▶ Problem
Reproduction without pictures: print every entry precisely as written.

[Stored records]
• • •

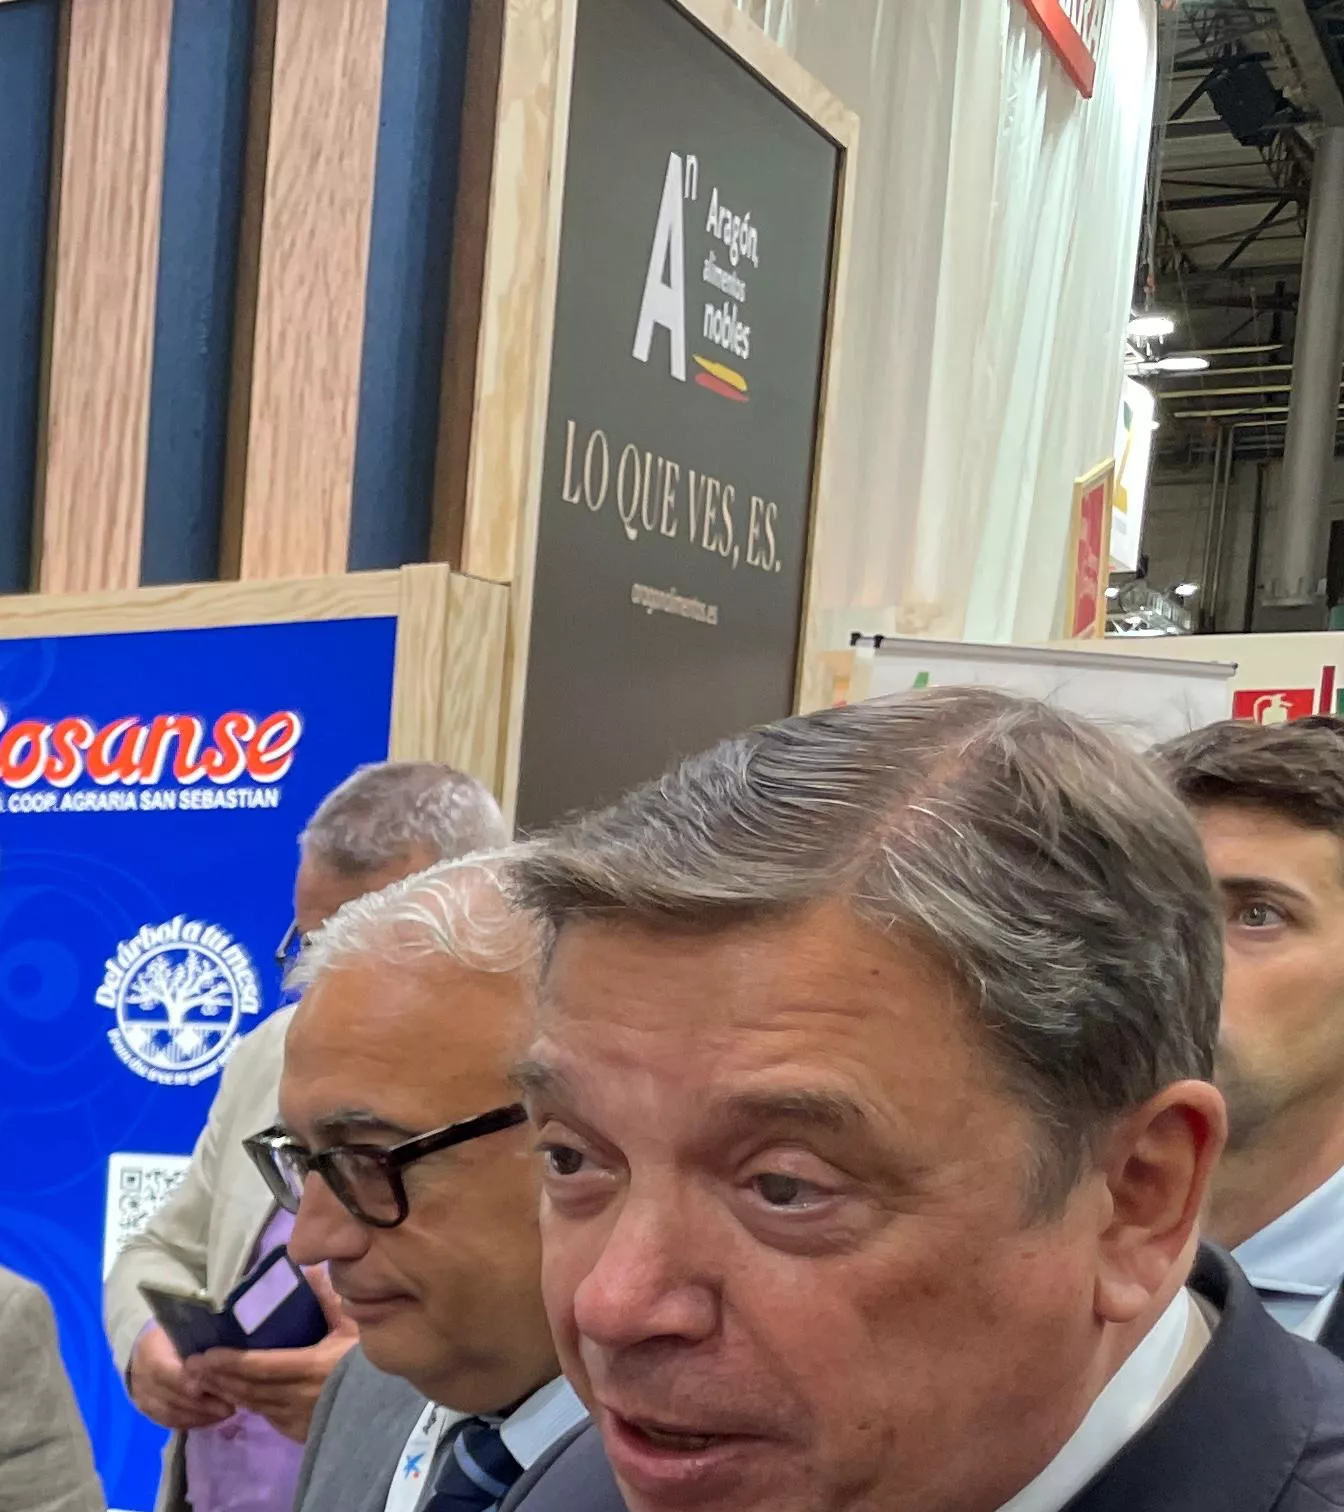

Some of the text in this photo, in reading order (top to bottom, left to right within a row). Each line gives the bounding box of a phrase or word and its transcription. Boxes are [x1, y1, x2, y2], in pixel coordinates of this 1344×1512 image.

[705, 186, 760, 269] Aragón,
[703, 301, 752, 360] nobles
[562, 419, 784, 574] LO QUE VES, ES.
[8, 790, 58, 813] COOP.
[59, 789, 138, 812] AGRARIA
[139, 788, 177, 811] SAN
[178, 786, 282, 810] SEBASTIAN
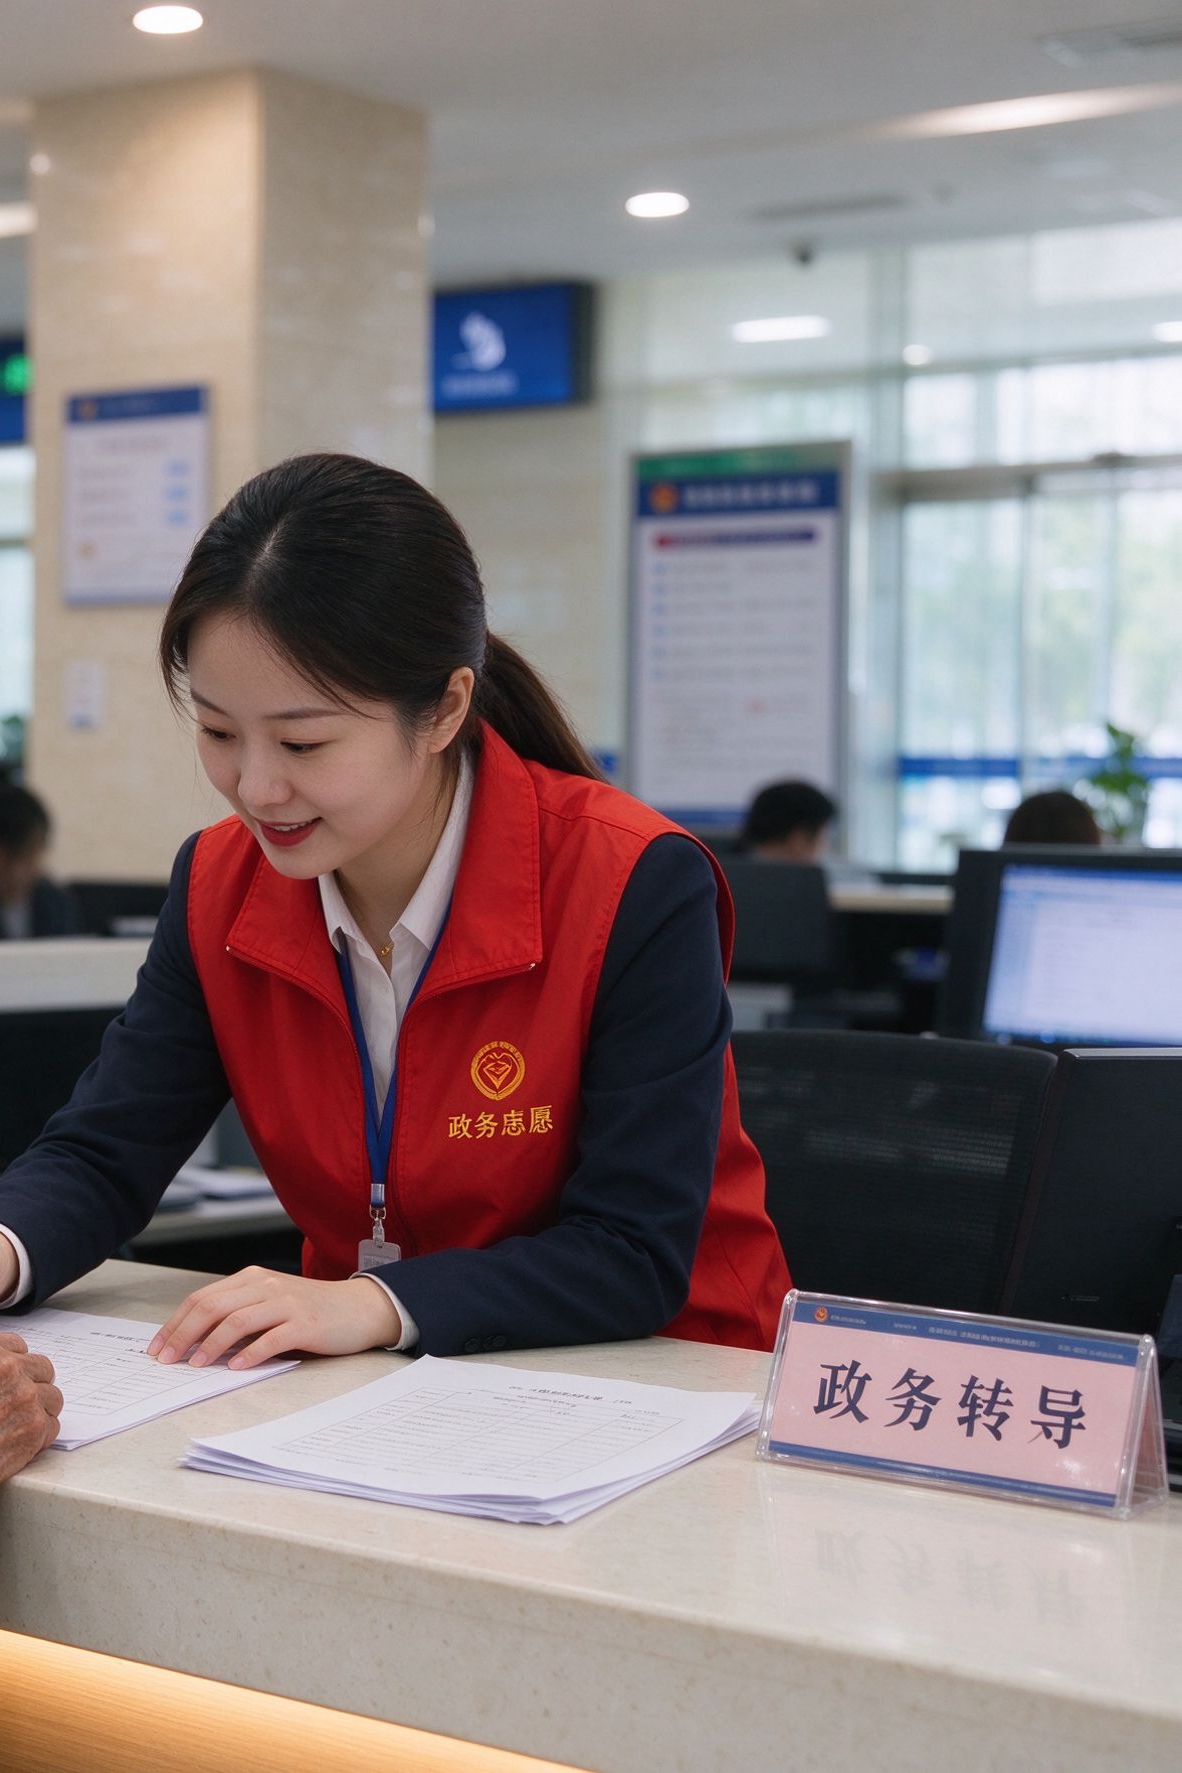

• • •

▶ Answer to this task
Some of the text in this photo, in reading order (top to bottom, left to right within a row). Each line gives the bounding box of a phrase or word and its transcription. Boxes are [x1, y1, x2, y2], in pixel coordinates of this 1344×1512 image.

[705, 186, 760, 269] Aragón,
[703, 301, 752, 360] nobles
[562, 419, 784, 574] LO QUE VES, ES.
[8, 790, 58, 813] COOP.
[59, 789, 138, 812] AGRARIA
[139, 788, 177, 811] SAN
[178, 786, 282, 810] SEBASTIAN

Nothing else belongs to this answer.